Ron DeSantis Announces New Therapy for Floridians That Helps Prevent COVID Infection

Florida Governor Ron DeSantis has added another tool to Florida's COVID-19 arsenal—a monoclonal antibody therapy that can prevent COVID-19 infection before a person is exposed, which the state has purchased.

Vaccines and booster doses are a person's best chance at preventing COVID-19 and are known to reduce the risk someone gets seriously ill. However, some people cannot get vaccinated because of serious adverse reactions or who get vaccinated and don't develop an adequate immune response and the new monoclonal antibody therapy could help give them added protection.

Evusheld, a two-dose antibody therapy, has shown in clinical trials to reduce a person's risk of being infected with COVID-19 by up to 77 percent, according to Florida State Surgeon General Dr. Joseph Ladapo. Protection could last up to six months and is authorized for use in people who have a moderately or severely compromised immune system.

This includes cancer patients, transplant recipients and people who are on immunosuppressant medications.

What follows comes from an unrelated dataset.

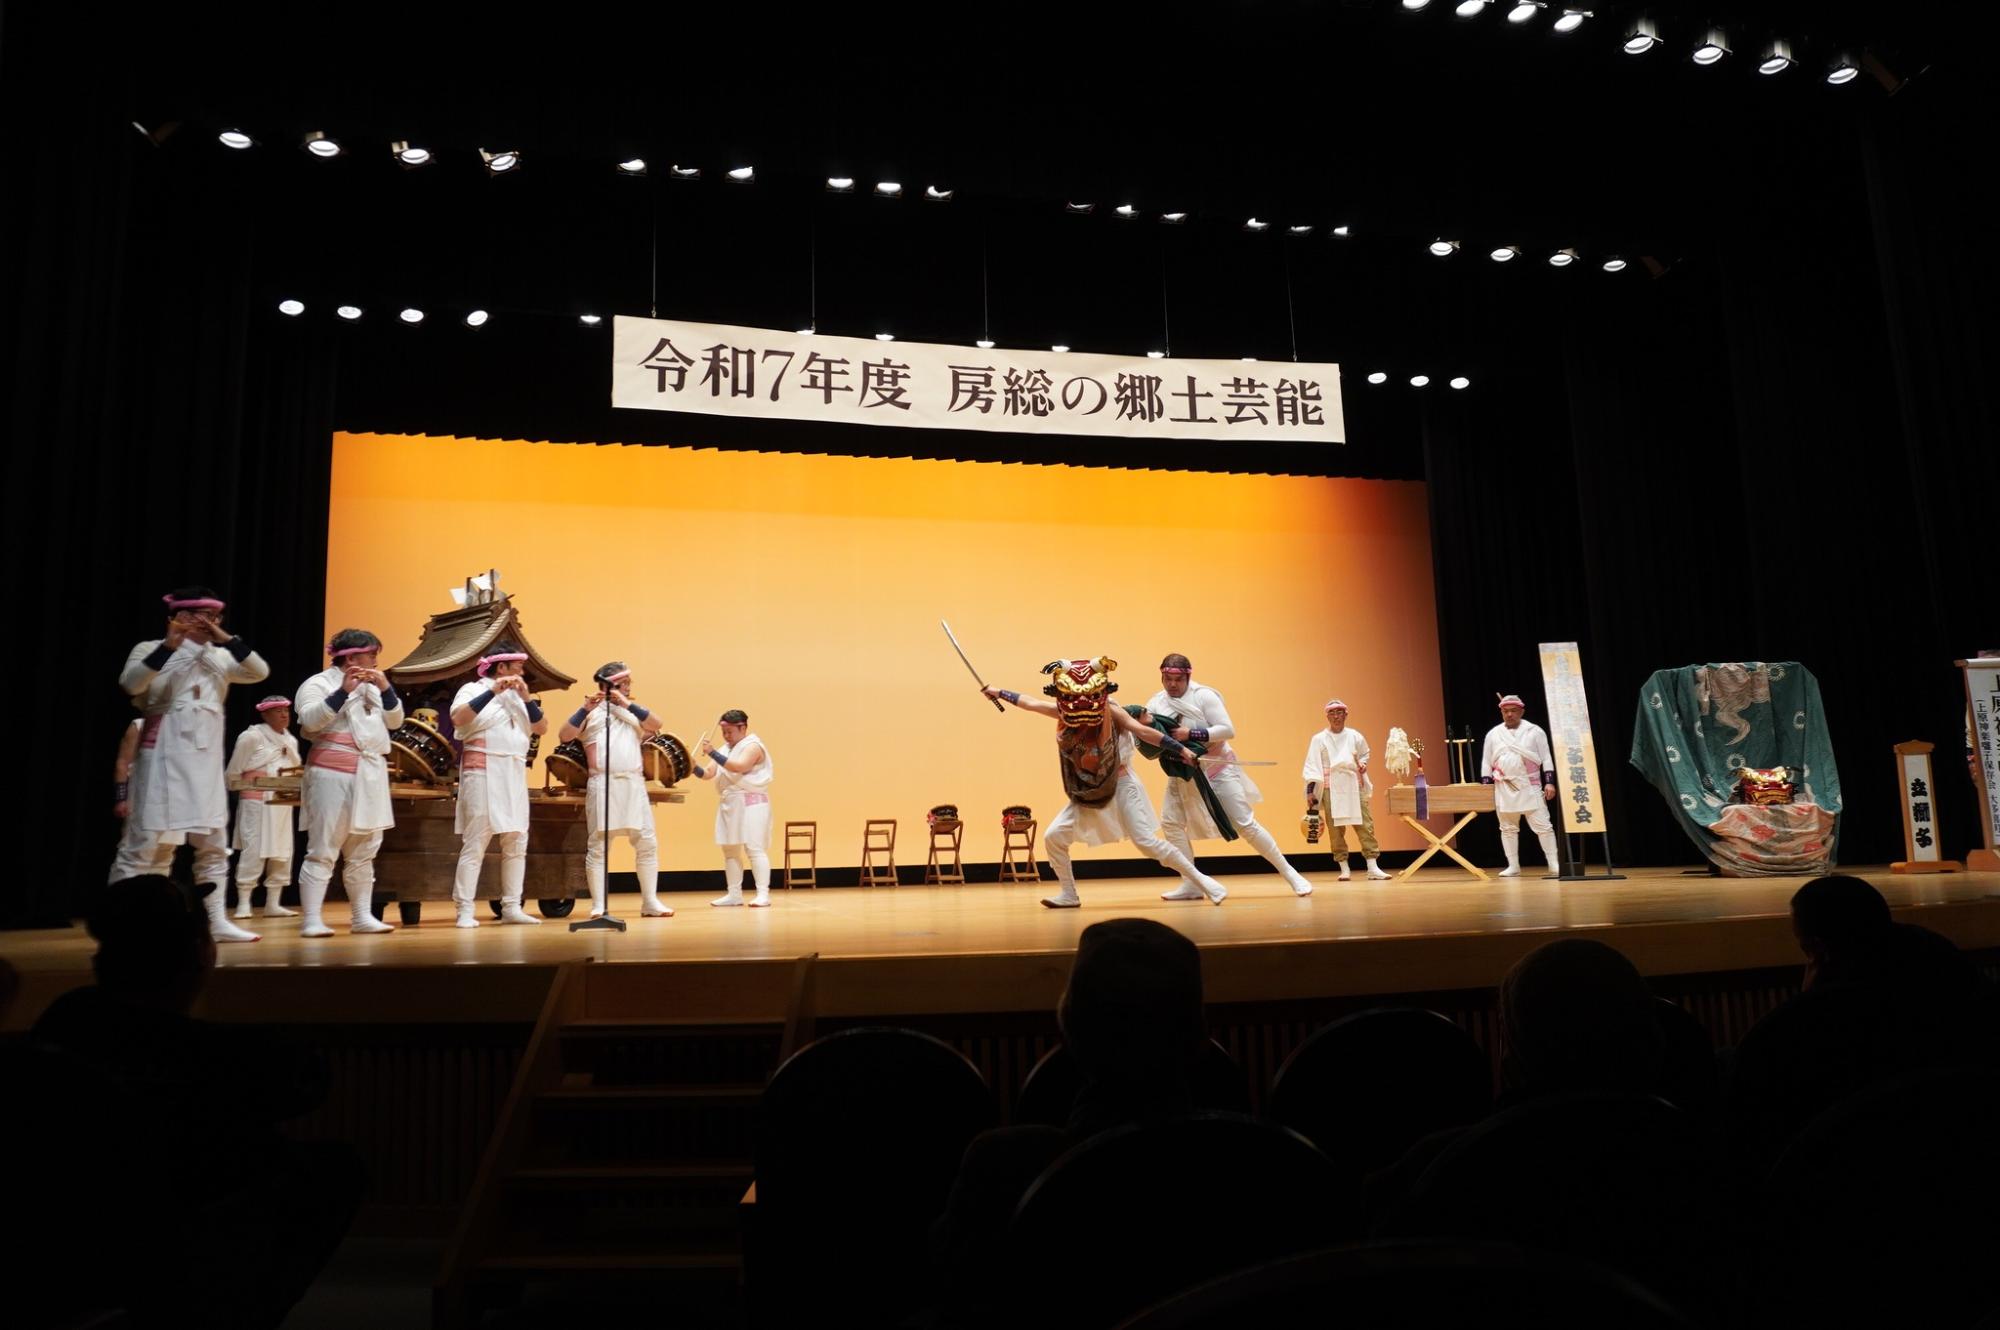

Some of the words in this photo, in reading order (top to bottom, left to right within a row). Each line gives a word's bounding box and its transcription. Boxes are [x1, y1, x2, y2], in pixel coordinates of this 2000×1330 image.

The Food and Drug Administration (FDA) authorized Evusheld on December 8 and DeSantis announced on Friday that the state secured 3,100 doses of it. With a two-dose therapy, that's enough to boost protection in about 1,600 Floridians.

ron desantis covid evusheld
Florida Governor Ron DeSantis announced on Friday that the state purchased Evusheld, a monoclonal antibody therapy aimed at preventing COVID-19. Above, DeSantis speaks during a press conference at the Shul of Bal Harbour on June 14 in Surfside, Florida. Joe Raedle/Getty Images

"This is a positive development to especially have this, and that it really will serve a valuable purpose for those, some of those folks that are very high risk, and do need some additional help," DeSantis said on Friday.

Evusheld is available for vaccinated people, but the FDA warned that the therapy could actually reduce a person's immune response to the vaccine. So, anyone who wants to take Evusheld should wait two weeks after their final vaccine dose to take Evusheld.

Although Evusheld uses monoclonal antibodies, it's not the same as Regeneron, a monoclonal antibody treatment DeSantis has championed. Regeneron is used to help prevent people who were infected with COVID-19 from becoming seriously ill or to prevent someone who lives with a COVID-19 positive person from contracting the virus.

People with compromised immune systems are more susceptible to developing serious disease if they are infected with COVID-19. DeSantis noted that Regeneron is a "good" treatment but that higher risk people could potentially prevent infection by taking Evusheld, noting that someone who has COVID-19 or was exposed will not be eligible.

DeSantis' purchase of the Evusheld therapy comes as Omicron spreads throughout the country. The highly transmissible variant has shown to be able to infect vaccinated individuals, which poses a greater threat to those who don't have a strong antibody response to vaccines or can't get vaccinated.